The Palestinian Oscar entry offers an uneven yet revealing anthology of intimate short films.

Gaza’s filmmakers stand together in disparate dispatches From Ground Zero

Filmmakers from Gaza combined 22 short films, produced entirely under IDF siege, into the two-hour From Ground Zero, less a war documentary than a collage of survival. Curated by director Rashid Masharawi—who, after Cannes recanted its invitation for the film, screened the shorts in a tent outside the festival’s grounds in protest—these bursts of individual creativity speak to a larger communal resilience as they traverse genres. An inherently uneven project, its segments range from serious documentary to cheesy dramedy to crushing slice-of-life, all variously inspired by the editing and shooting styles of Hollywood, Indian soap opera, TikTok, and citizen journalism. Together, this showcase colors every facet of its makers’ shared plight, the disparate dispatches building into collaborative nonfiction.
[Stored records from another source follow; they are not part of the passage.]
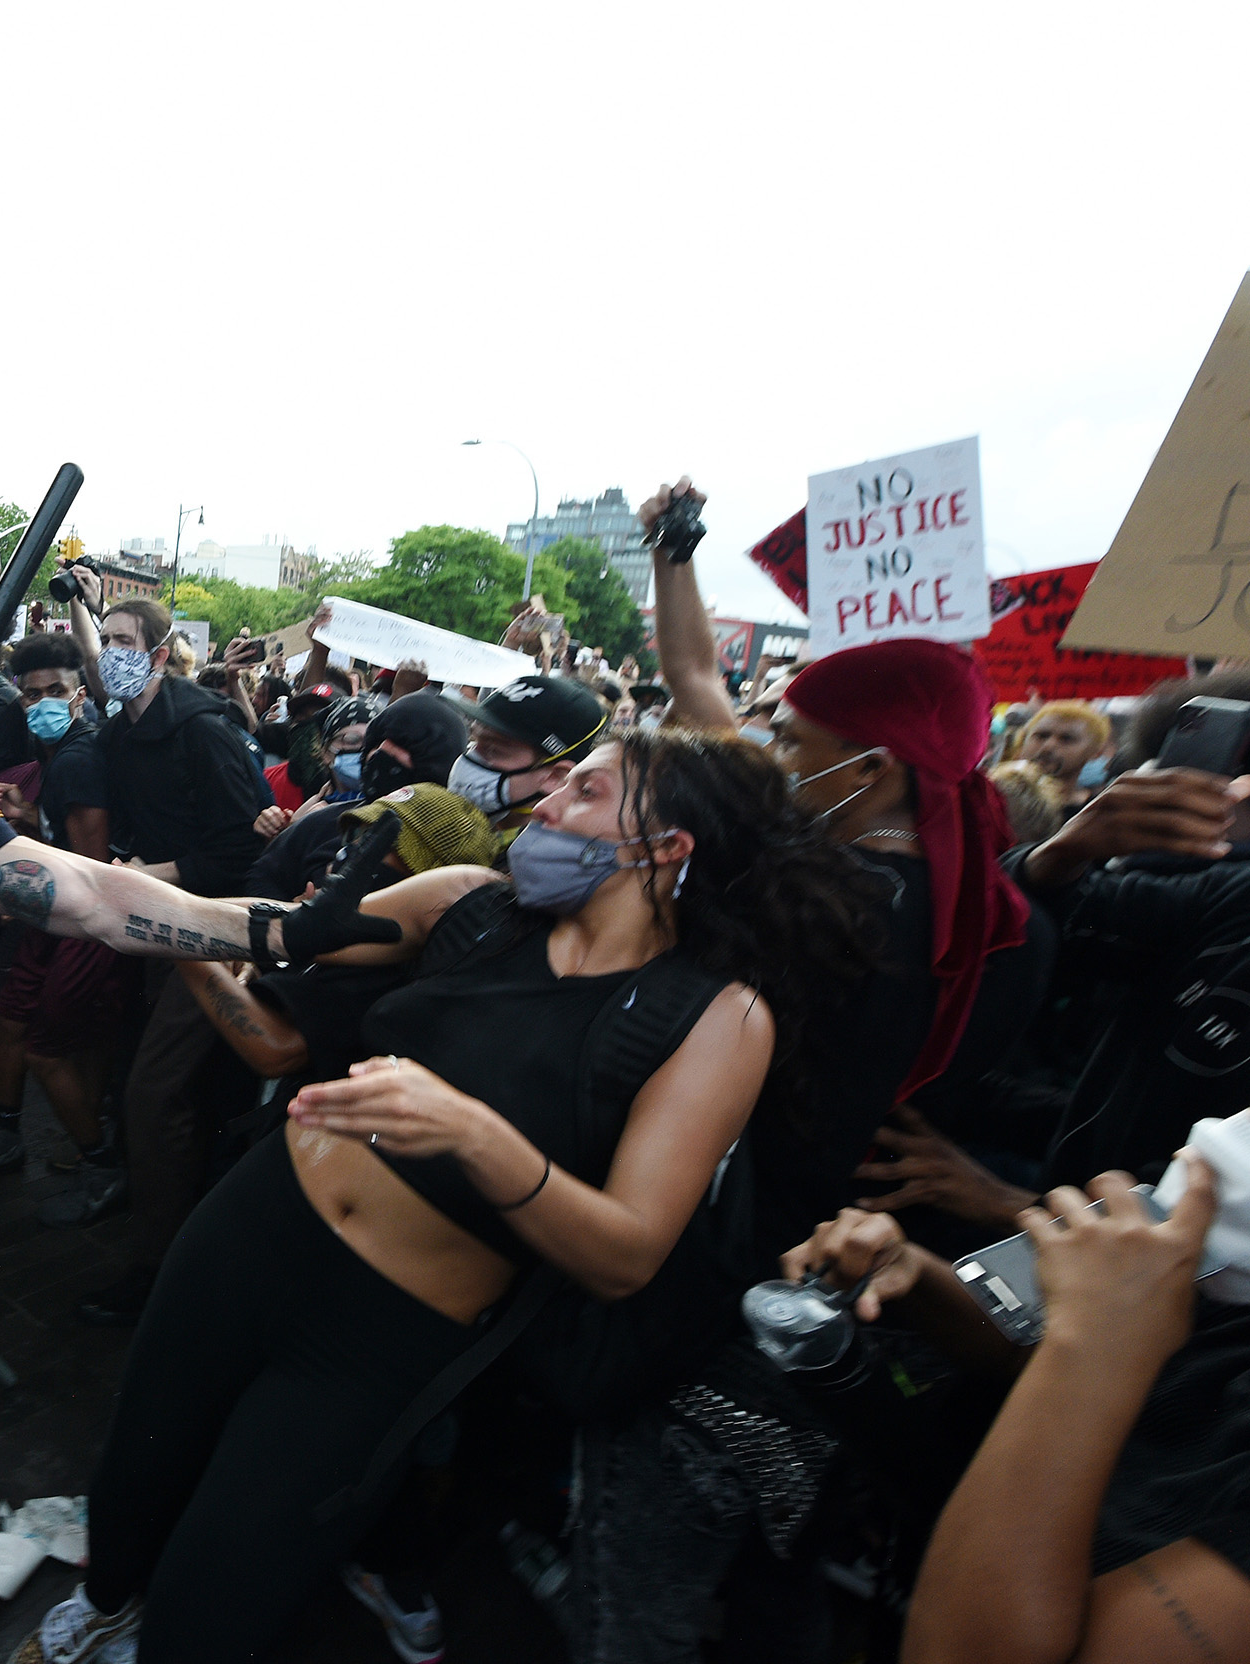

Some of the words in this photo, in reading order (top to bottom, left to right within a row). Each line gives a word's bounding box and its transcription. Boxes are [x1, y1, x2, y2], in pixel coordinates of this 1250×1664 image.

[856, 467, 914, 511] NO
[821, 487, 971, 554] JUSTICE
[865, 545, 912, 583] NO
[836, 572, 965, 636] PEACE
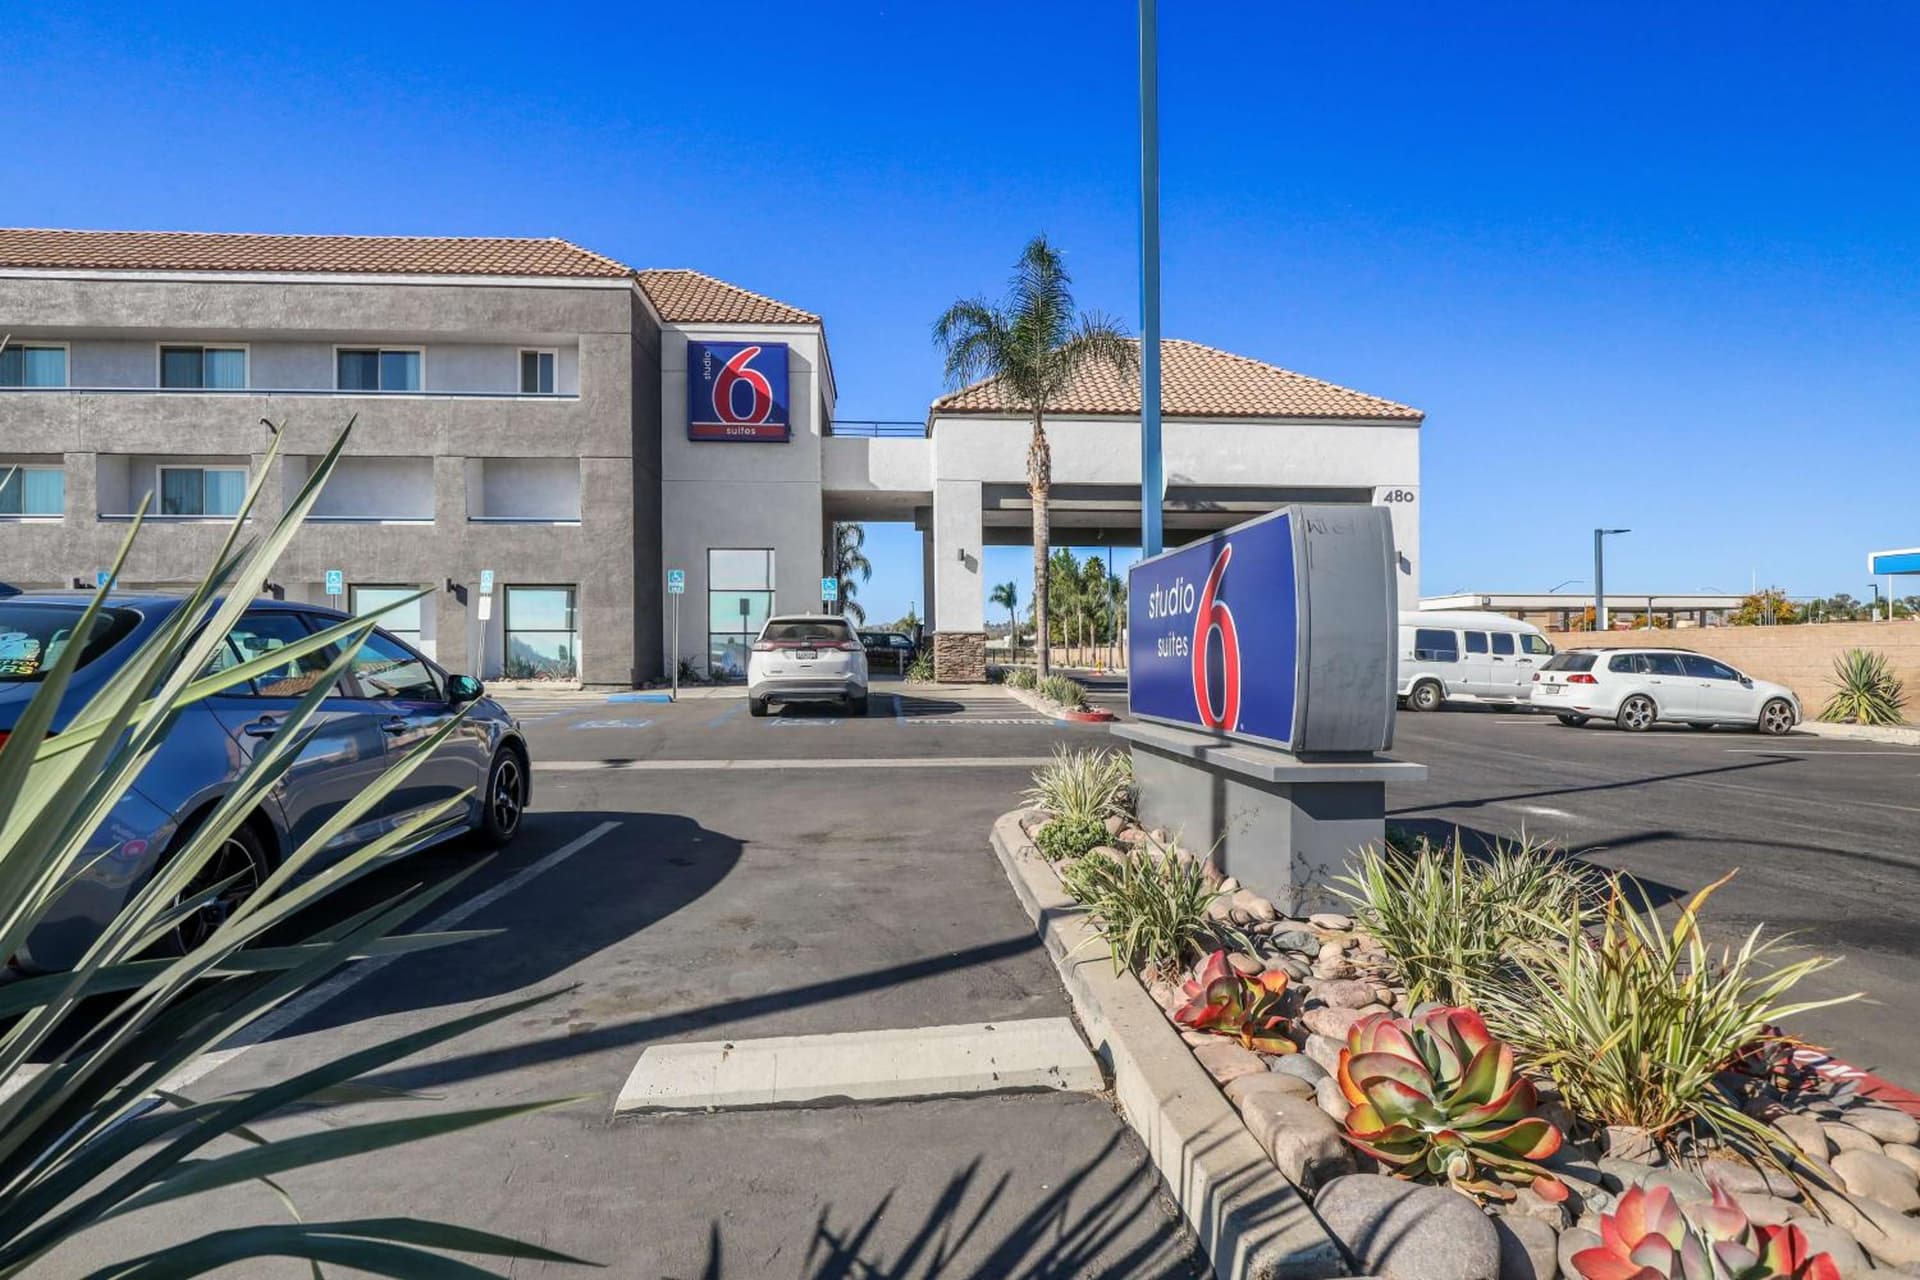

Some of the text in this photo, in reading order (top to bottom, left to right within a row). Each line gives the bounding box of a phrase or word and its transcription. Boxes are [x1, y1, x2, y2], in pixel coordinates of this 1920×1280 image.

[702, 351, 711, 380] studio
[712, 346, 773, 424] 6
[726, 425, 756, 435] suites
[1383, 489, 1415, 503] 480
[1149, 542, 1241, 733] studio 6
[1157, 631, 1189, 657] suites
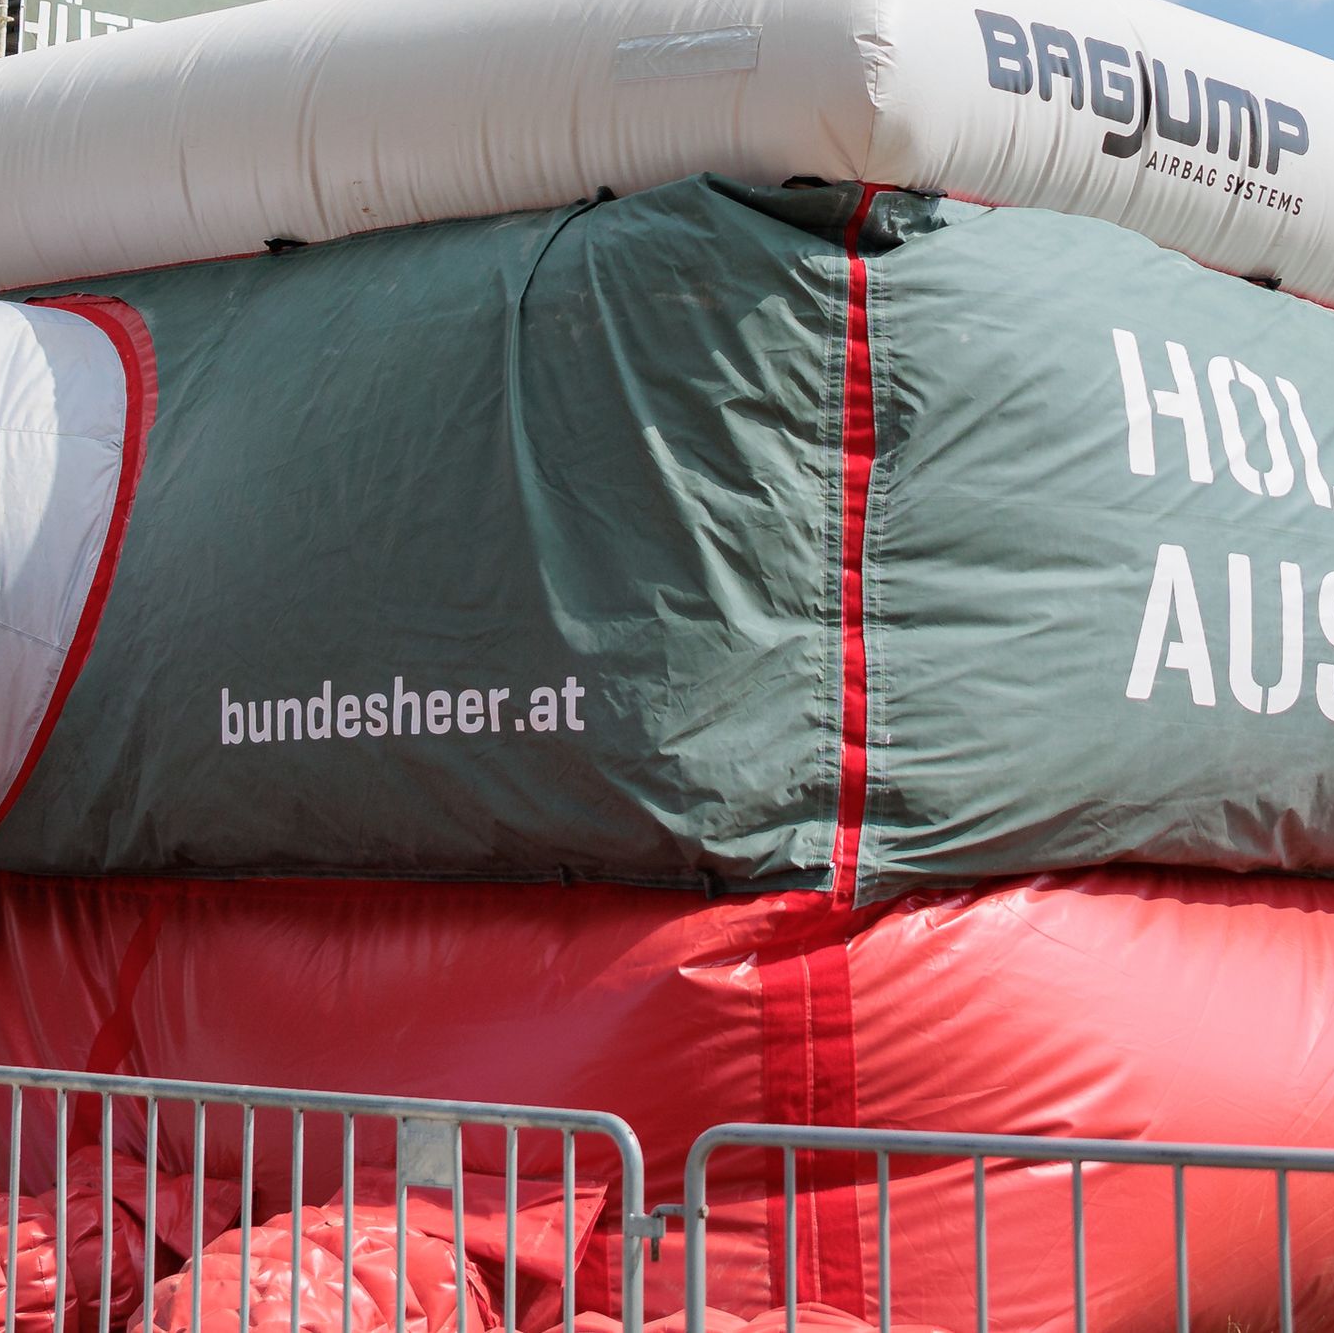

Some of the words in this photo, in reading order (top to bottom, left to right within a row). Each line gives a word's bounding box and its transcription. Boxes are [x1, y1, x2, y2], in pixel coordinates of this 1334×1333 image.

[974, 9, 1309, 175] BAGJUMP
[1145, 150, 1217, 187] AIRBAG
[1223, 173, 1304, 216] SYSTEMS
[221, 676, 585, 745] bundesheer.at
Where No Other Land found universality in its extended, chronological narrative about one Palestinian village’s persistence through its targeted demolition by Israel, From Ground Zero finds its specificity by approaching a larger-scale attempt at eradication from every angle. Regardless of topic or tone, none of the films can escape their setting: Refugee encampments of multicolored tarps and tents, surrounded by grey concrete rubble and rusted, snarled rebar. The washed-out palette and destroyed surroundings make every human subject pop against the residue of violence. Dirt, dust, rock, sand, blood.

When bombed down to its base elements, everything looks the same. That includes bodies. This is why one moving segment, the stop-motion “Soft Skin” from Khamis Masharawi, focuses on parents writing their children’s names on their limbs so they can be identified after they’re inevitably killed in an airstrike, and the nightmares this process inspires. One of the more assured films in the anthology, “Soft Skin” uses its lo-fi production to its advantage, the jerky animation evoking the surreality lived by its young subjects. Mahdi Kreirah’s food-can puppets in “Awakening” similarly bake scrappy production materials into the film’s text, grounding its tale of amnesia and history’s repetition in the tangible loss of the present.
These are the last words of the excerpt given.